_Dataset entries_
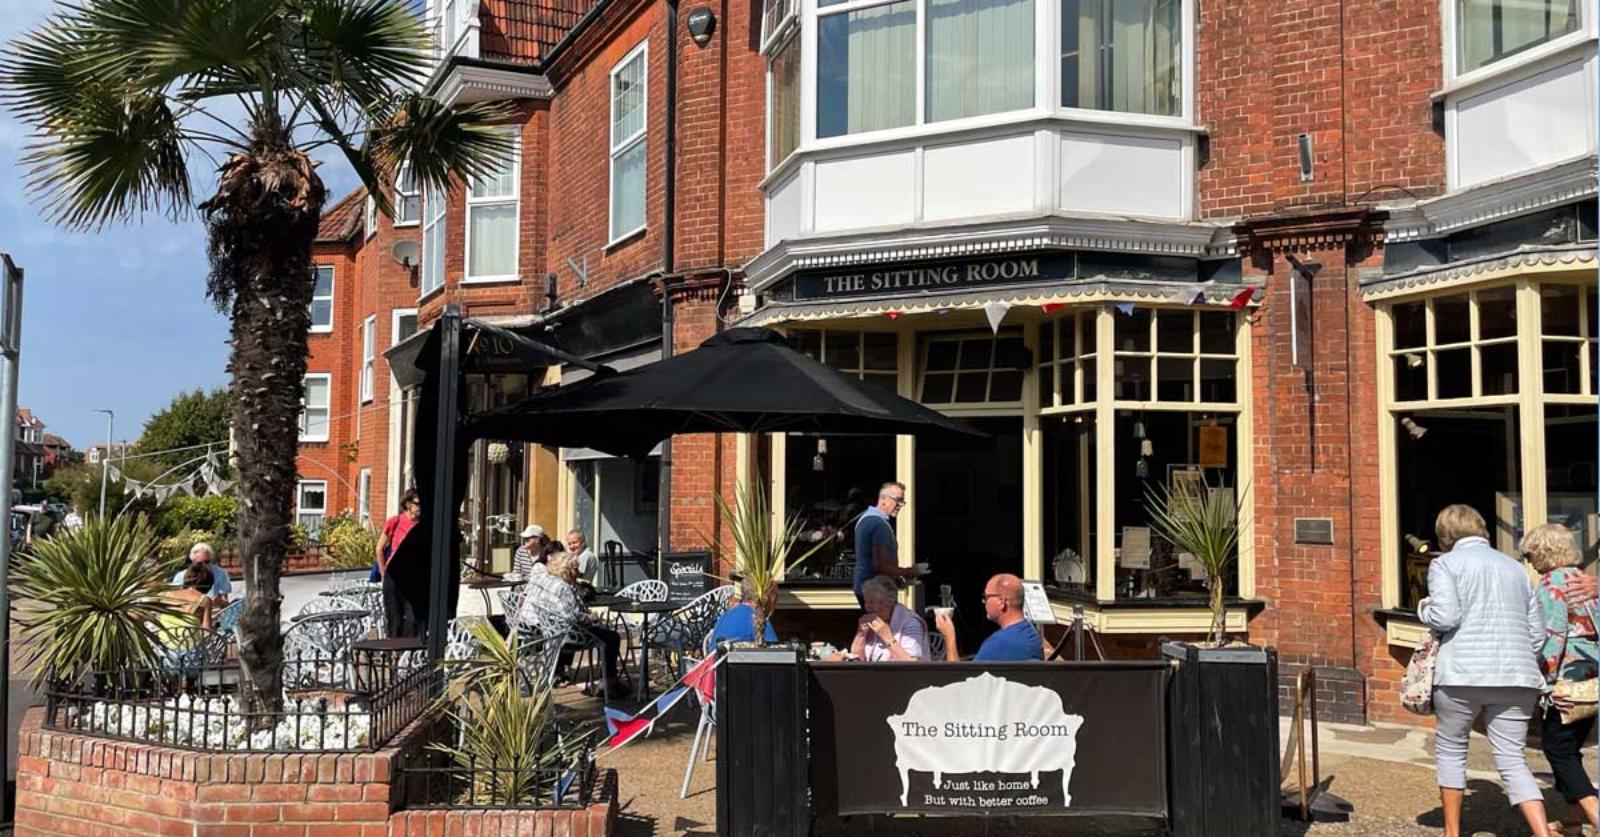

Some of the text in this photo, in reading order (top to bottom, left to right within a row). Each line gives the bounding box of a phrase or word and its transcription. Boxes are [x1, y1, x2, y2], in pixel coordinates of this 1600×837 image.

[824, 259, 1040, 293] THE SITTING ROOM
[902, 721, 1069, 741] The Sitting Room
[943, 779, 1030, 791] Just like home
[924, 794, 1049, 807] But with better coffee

_WHAT IS NEEDED_
The data must come back word for word, with every picture removed.

_RESPONSE AREA_
Some of the text in this photo, in reading order (top to bottom, left to right within a row). Each line gives the bounding box of a phrase or word and its transcription. Boxes are [x1, y1, x2, y2], in pixel coordinates of this 1600×837 image.

[824, 259, 1040, 293] THE SITTING ROOM
[902, 721, 1069, 741] The Sitting Room
[943, 779, 1030, 791] Just like home
[924, 794, 1049, 807] But with better coffee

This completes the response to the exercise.